こうした事件に関して、新聞・テレビはそこそこの紙面・時間を割いているのだが、その割には、議論はあまり活発ではないようにみえる。
●性表現規制は表現の自由への介入?
もしかすると、「性表現には関心はない」「一般常識で判断すればいい」といった世間の空気なのかもしれない。しかし筆者には、実はこうした一連の動きは、「秘密保護法」や「朝日新聞バッシング」と同列とまでは言わないが、表現の自由にとって意外に重たい問題を内包しているように思えるのである。

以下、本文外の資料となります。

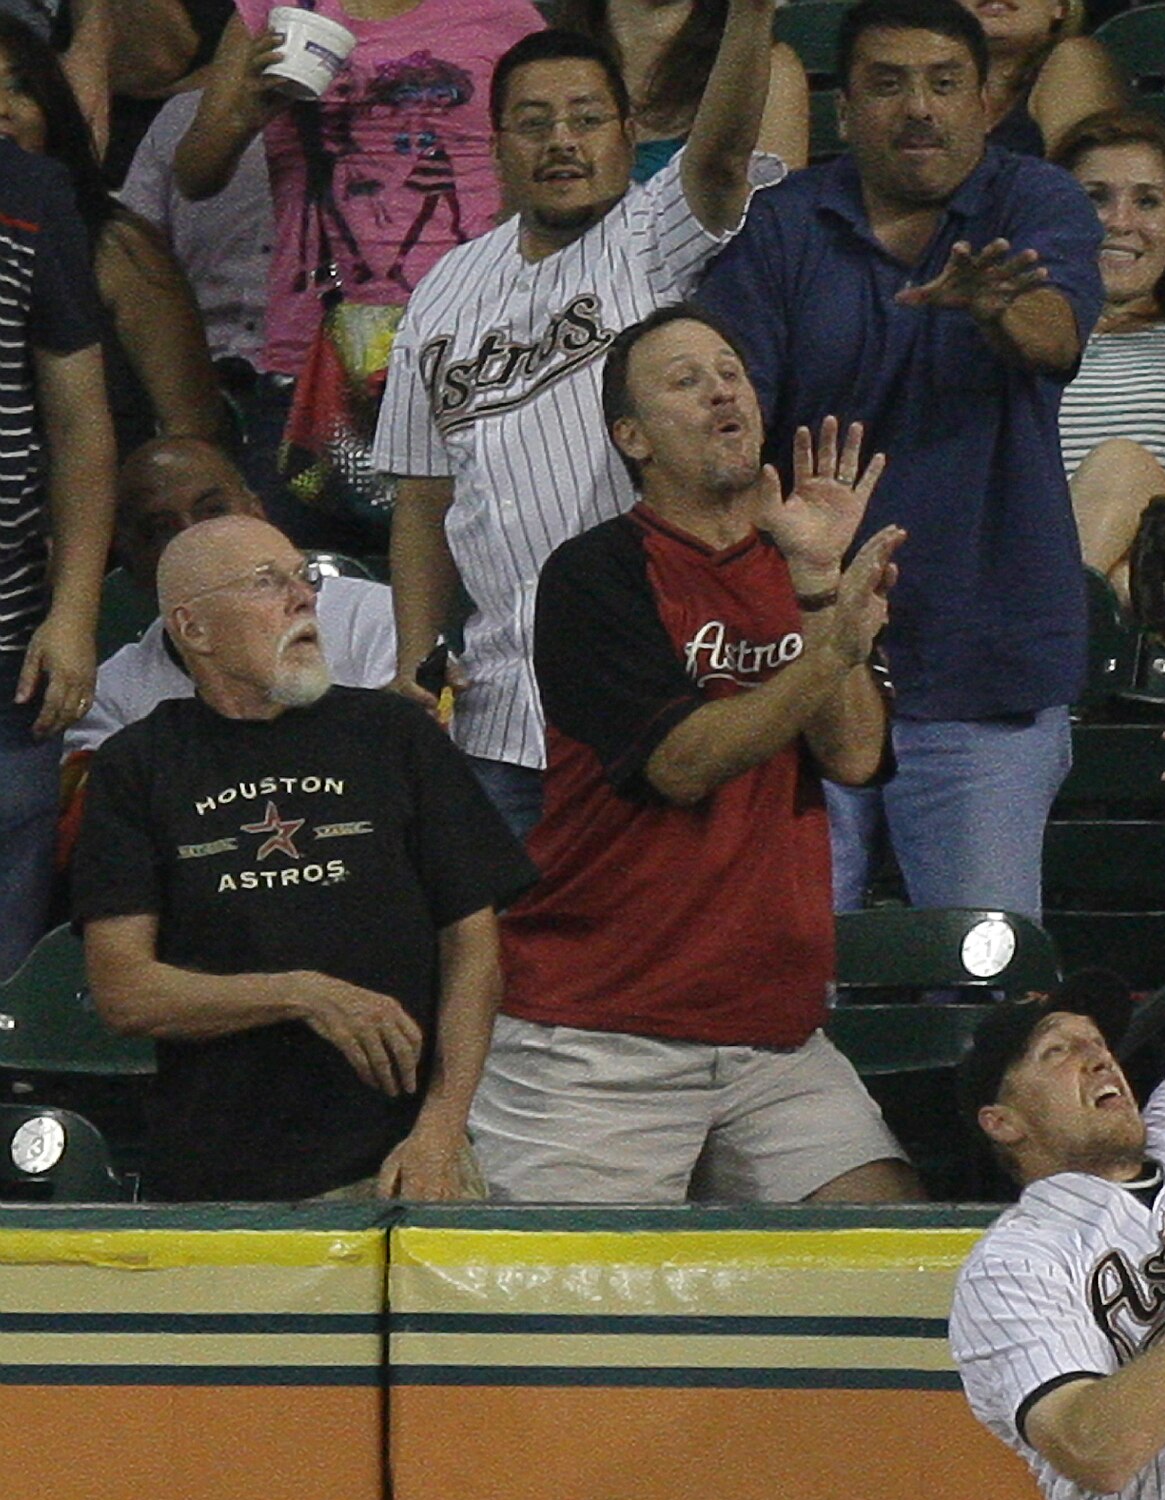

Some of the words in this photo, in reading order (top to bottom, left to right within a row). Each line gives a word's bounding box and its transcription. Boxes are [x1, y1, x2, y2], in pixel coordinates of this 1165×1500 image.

そもそも性表現の規制は、名誉毀損と並んで最も歴史の長い表現規制である。なぜ性表現が早くから権力者に目の敵にされたのか定かではないが、おそらく、あらゆる面で庶民より「価値の高い人間」であると自任していた王や貴族たちにとって、自らの華麗な衣装の下の醜い肉体と比べて、粗食に甘んじ激しく肉体を酷使して生きていた庶民の鍛え抜かれた肉体の美が、強い嫉妬の対象であり脅威でもあったことがその主因であろう。
美しい肉体の魅力は昔も今も、理屈や秩序を超えて強烈に人を引きつけ酔わせる力を持っているのである。支配者は、そういう性の価値紊乱性、つまり体制を根底から転覆しかねない潜在力を恐れ、徐々に「性=下品なもの、汚いもの、隠すべきもの」という道徳を私製して、自らの権威を保全しようとしたのではないか。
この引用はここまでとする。